Saturday, March 07, 2009

The law of unintended consequences

These days there is a lot of mud-slinging at corporate executives and their pay and bonuses and companies having lavish parties while the economy is suffering. My current employer has cut back severely on business travel, and the days of any celebratory event beyond the level of bringing in lunch once a quarter are probably over.

No doubt there are people and companies out there who appear to be "fiddling while Rome burns". But demonizing all such activities has a serious ripple effect. Like a rock landing in a still pool of water, the first act causes waves that go in all directions. Those waves are the unintended consequences.

Here's one example from comedian Jeffrey Jena (via Big Hollywood).

Many years ago, a "luxury" tax was imposed on yachts. Few "regular" people worried about it. So what? Those people are rich, they can afford it! Well, here's what happened as a result: rich people - the only market for yachts - stopped buying those yachts. So boat manufacturers stopped making them. And people lost their jobs. Think about all the people who are involved in the production, sale and operation of yachts - designers, factory workers, salespeople, boat crews, cooks, bartenders, waitresses, maintenance workers, accountants, secretaries. Then there are workers in related businesses - yachts need fuel to run, they need insurance, they pay fees to dock.

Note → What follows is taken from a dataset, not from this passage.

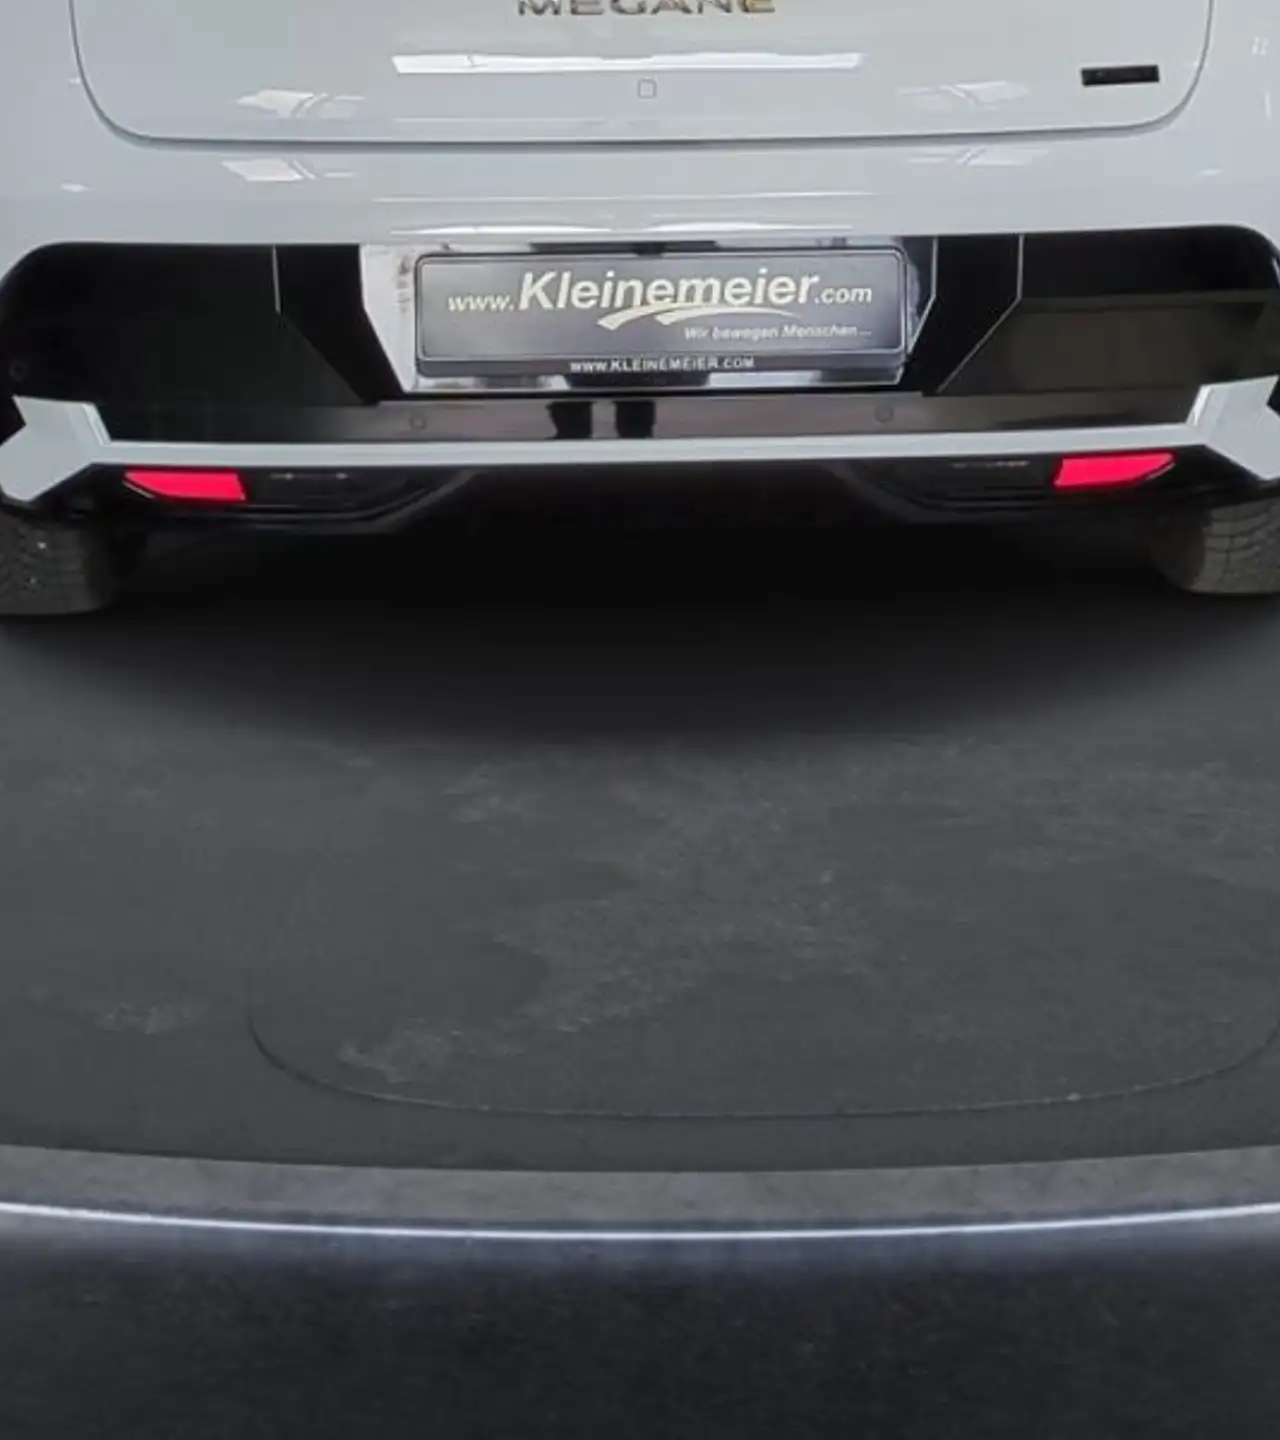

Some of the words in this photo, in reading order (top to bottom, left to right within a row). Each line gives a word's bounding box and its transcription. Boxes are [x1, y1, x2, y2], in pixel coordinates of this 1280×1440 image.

[447, 268, 872, 312] www.Kleinemeier.com
[684, 327, 708, 340] Wir
[711, 325, 779, 342] bewegen
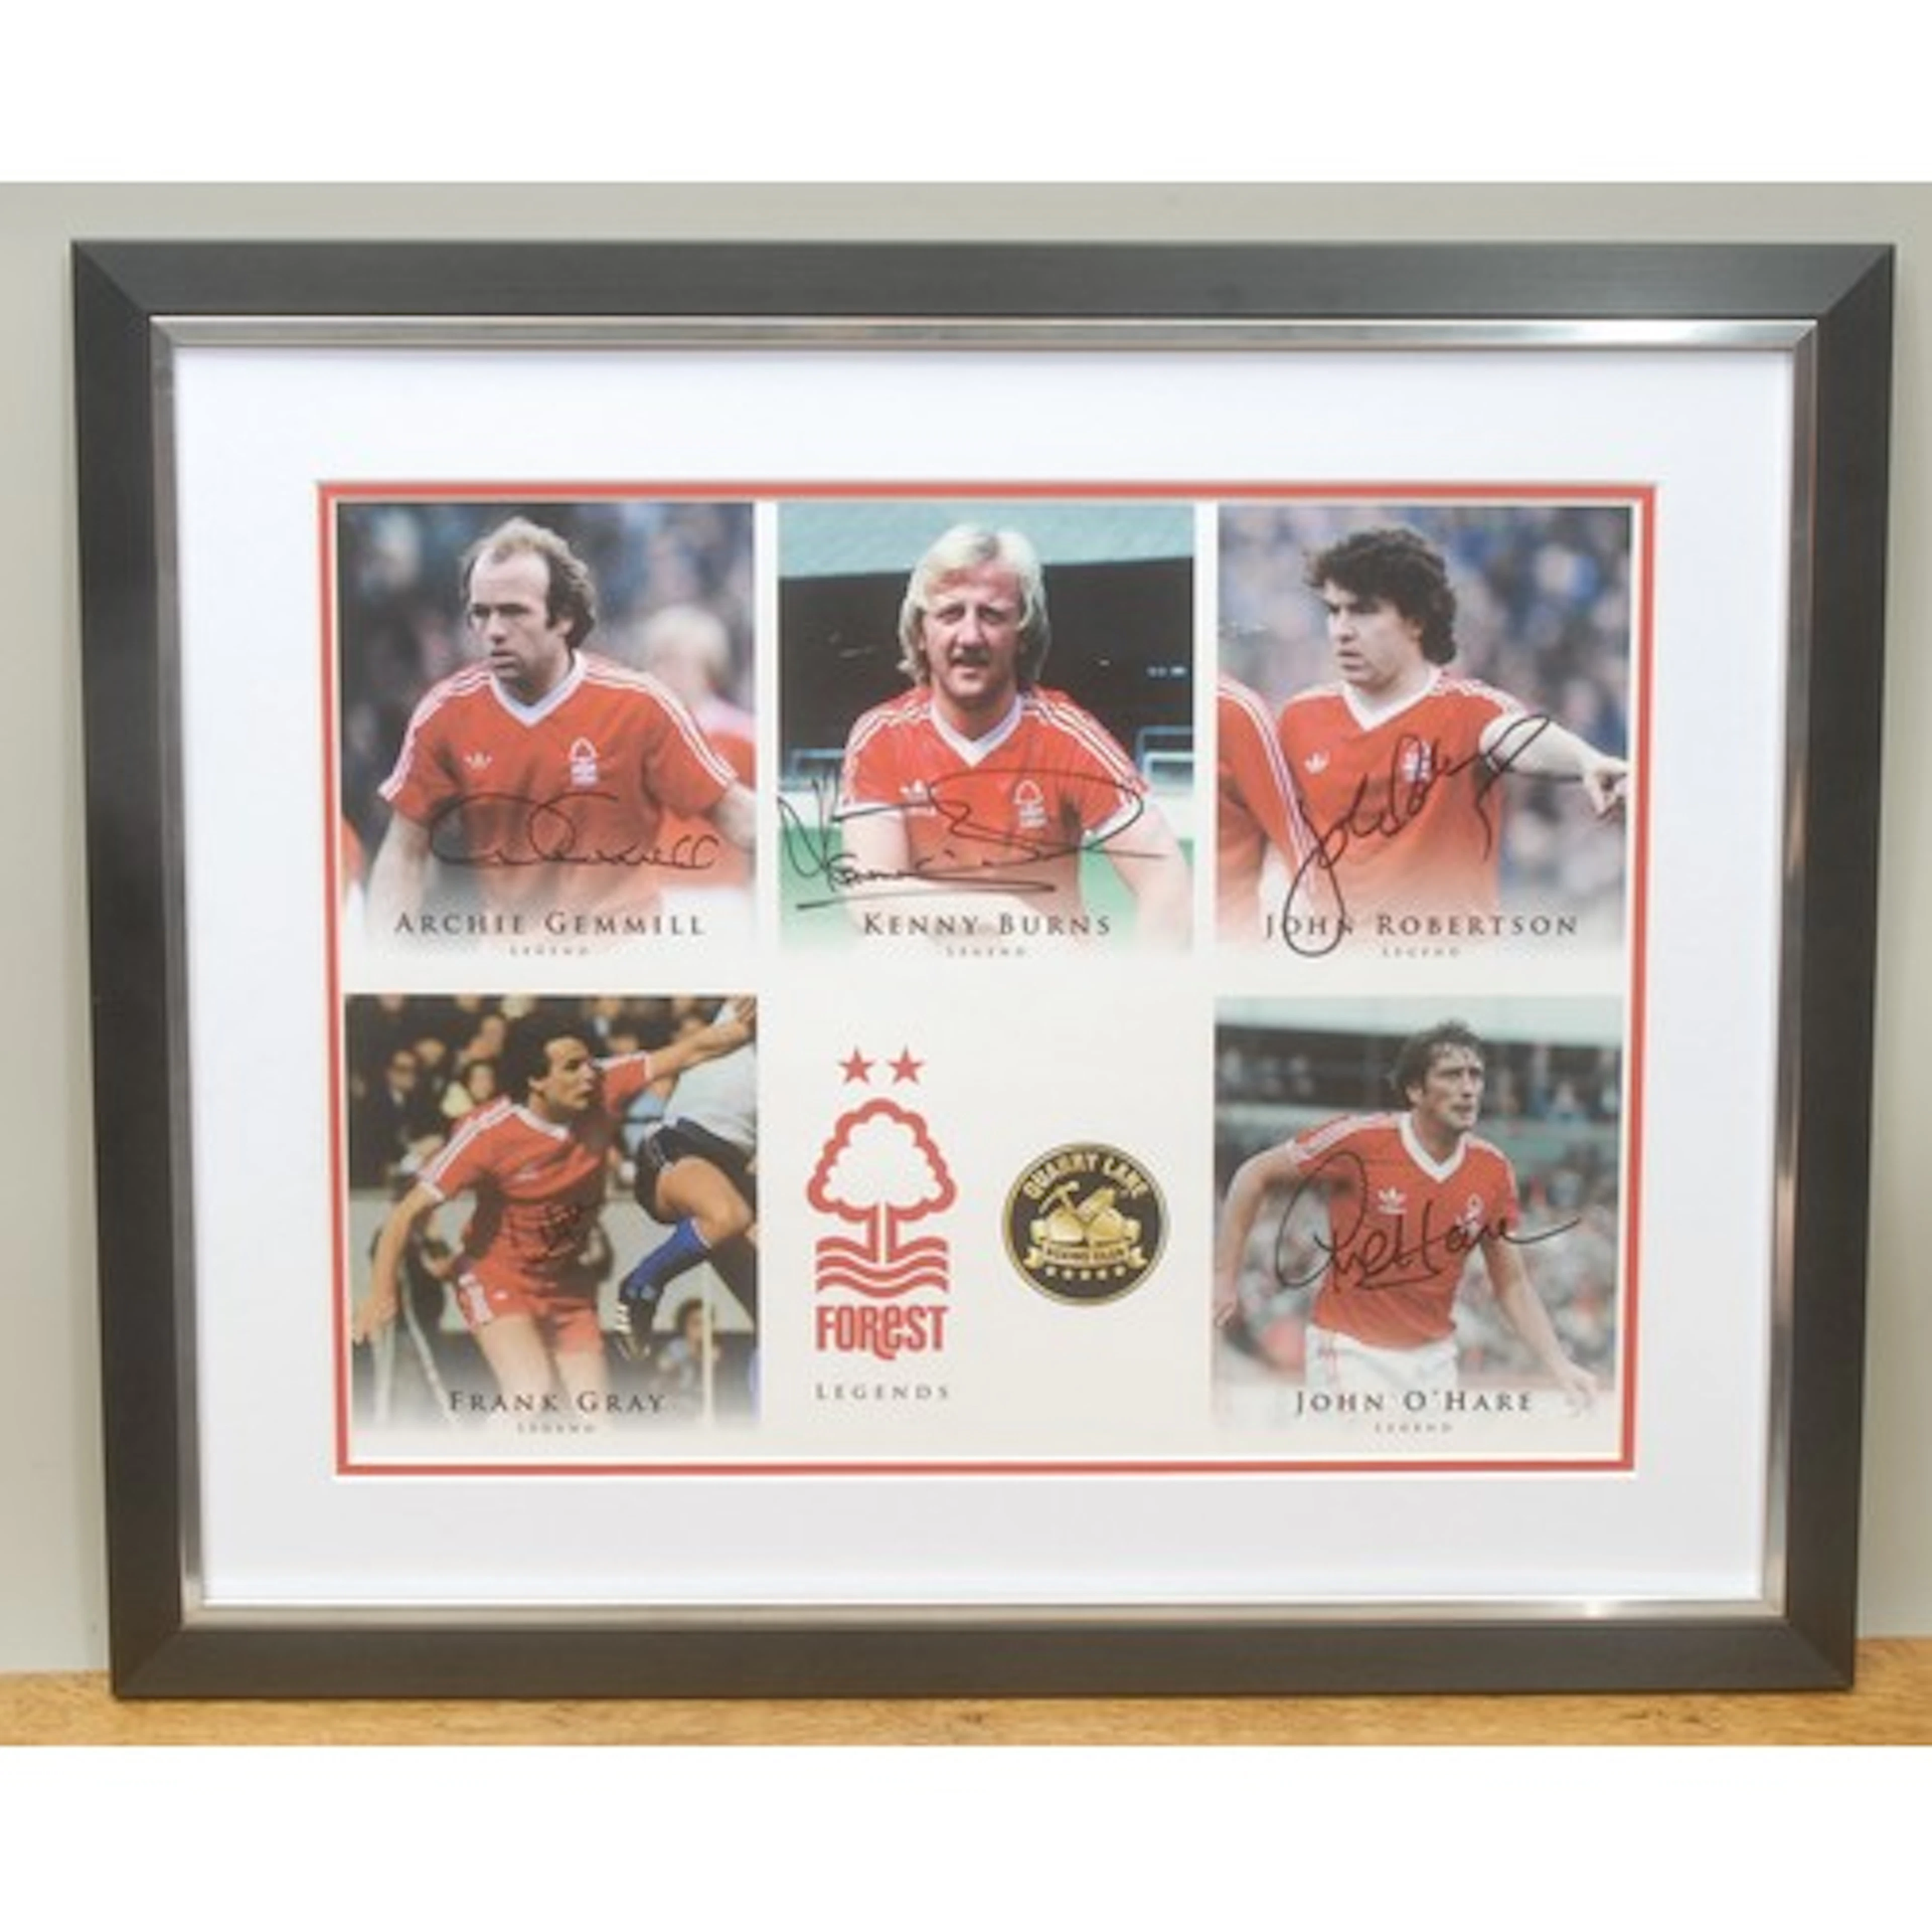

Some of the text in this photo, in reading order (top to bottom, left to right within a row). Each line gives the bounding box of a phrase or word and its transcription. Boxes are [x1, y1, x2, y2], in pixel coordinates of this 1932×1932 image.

It was the "regular" people - multitudes of them - who suffered as a result of the "luxury" tax.

Guess who didn't suffer? The rich people...they got their fun some other way. And because they didn't buy the yachts, the tax wasn't paid. So the original intention was never fulfilled anyway.

So the next time you find yourself thinking that it's a good thing that "rich people" are being made to pay more and more, consider the unintended consequences.

You might be one of them.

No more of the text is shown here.